Référence : 2023 CF 372

[TRADUCTION FRANÇAISE]

Ottawa (Ontario), le 20 mars 2023

En présence de monsieur le juge Zinn

ENTRE :

AFSHAN NIKHAT

demanderesse

et

PROCUREUR GÉNÉRAL DU CANADA

défendeur

JUGEMENT ET MOTIFS

[1] Mme Nikhat demande à la Cour d’annuler la décision par laquelle la division d’appel du Tribunal de la sécurité sociale du Canada [la division d’appel] a refusé de lui accorder l’autorisation d’interjeter appel de la décision de la division générale du Tribunal de la sécurité sociale du Canada [la division générale] portant qu’elle n’était pas admissible aux prestations d’assurance-emploi parce qu’elle n’était pas disponible pour travailler.

[2] Je conclus que la décision de la division d’appel est raisonnable. Par conséquent, comme je l’ai expliqué au cours de l’audience, la présente demande doit être rejetée.

[3] Mme Nikhat a reçu des prestations d’assurance-emploi d’urgence [PAEU] du 15 mars 2020 au 26 septembre 2020. À la fin de la période d’admissibilité aux PAEU, celles-ci sont automatiquement devenues des prestations régulières d’assurance-emploi pour la période du 27 septembre 2020 au 21 août 2021.

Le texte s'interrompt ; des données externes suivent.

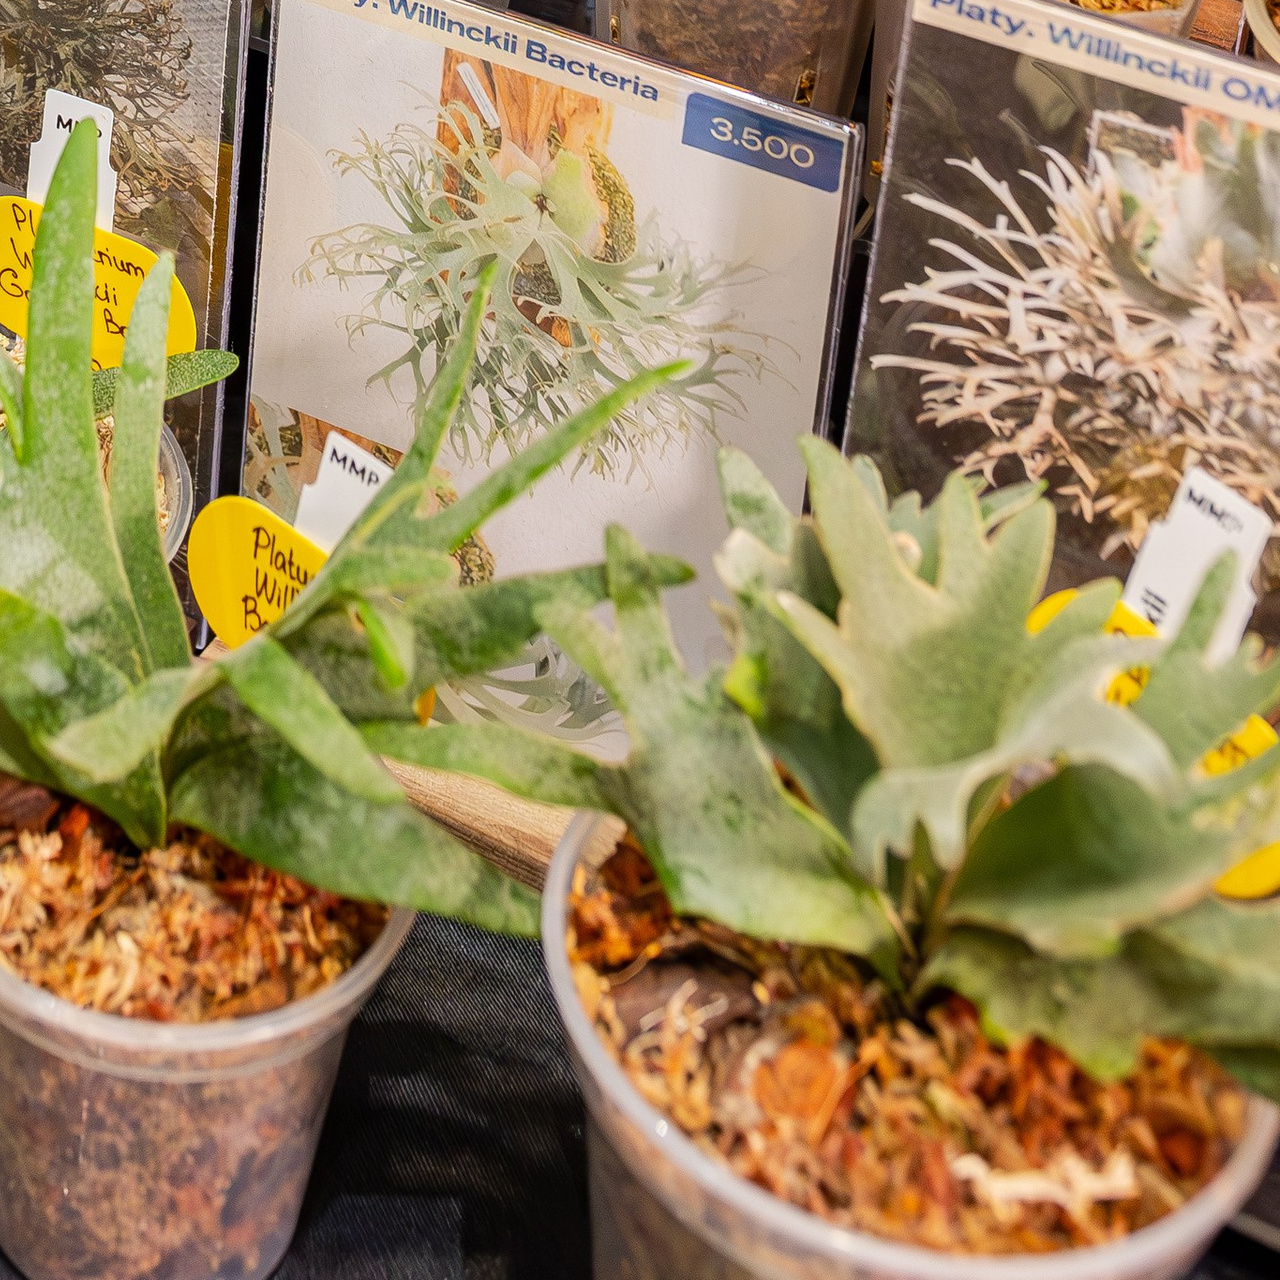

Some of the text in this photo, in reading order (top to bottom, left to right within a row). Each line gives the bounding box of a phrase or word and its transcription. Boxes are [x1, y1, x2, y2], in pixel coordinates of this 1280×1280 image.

[4] Mme Nikhat devait remplir des déclarations pour prouver qu’elle avait droit à des prestations pour chaque semaine où elle en demandait. Elle a produit ces déclarations pour toute la période en cause dans lesquelles elle a indiqué qu’elle était disponible pour travailler.

[5] Mme Nikhat a communiqué avec la Commission de l’assurance-emploi du Canada [la Commission] le 1er septembre 2021 et, d’après ses déclarations, la Commission a déterminé qu’elle n’avait pas été disponible pour travailler à partir du 27 septembre 2020, car elle prenait soin de son fils. Elle avait déjà reçu des prestations pendant cette période, ce qui a donné lieu à un trop-payé de 23 500 $, qu’on lui a demandé de rembourser.

[6] Mme Nikhat a présenté une demande de révision de la décision de la Commission en vertu de l’article 112 de la Loi sur l’assurance-emploi, LC 1996 c 23. Elle a affirmé qu’elle n’était pas disponible pour travailler en raison de la pandémie et parce qu’elle s’occupait de ses enfants et qu’elle était endeuillée par le décès de son père. En février 2022, la Commission a rendu sa décision : elle a conclu que même si Mme Nikhat avait, inconsciemment, fait une fausse déclaration sur sa disponibilité et qu’aucune pénalité ne devait être imposée, elle n’était pas disponible pour travailler. La Commission a maintenu la décision initiale.

[7] Mme Nikhat a interjeté appel de la décision de révision devant la division générale. La division générale a conclu qu’elle n’était pas disponible pour travailler parce qu’elle s’occupait de son fils.

[8] Mme Nikhat a ensuite demandé l’autorisation d’interjeter appel devant la division d’appel. En juin 2022, la division d’appel a refusé l’autorisation d’appel au motif que l’appel n’avait aucune chance raisonnable d’être accueilli.

[9] La seule question à trancher est celle de savoir si la décision de la division d’appel est raisonnable.

[10] Mme Nikhat soutient qu’elle n’était pas disponible pour travailler de juin 2020 à septembre 2021 en raison de la pandémie. Elle a postulé en personne à des emplois pendant la pandémie, mais sans succès. La demanderesse a également perdu son père pendant la pandémie, ce qui, selon elle, l’aurait empêchée de retourner au travail.

[11] Mme Nikhat affirme qu’en tant qu’éducatrice de la petite enfance inscrite, elle doit travailler en présentiel, et qu’à cause de la pandémie, elle n’a pas pu le faire. Elle a présenté une demande d’assurance-emploi parce que tous les lieux de travail étaient fermés.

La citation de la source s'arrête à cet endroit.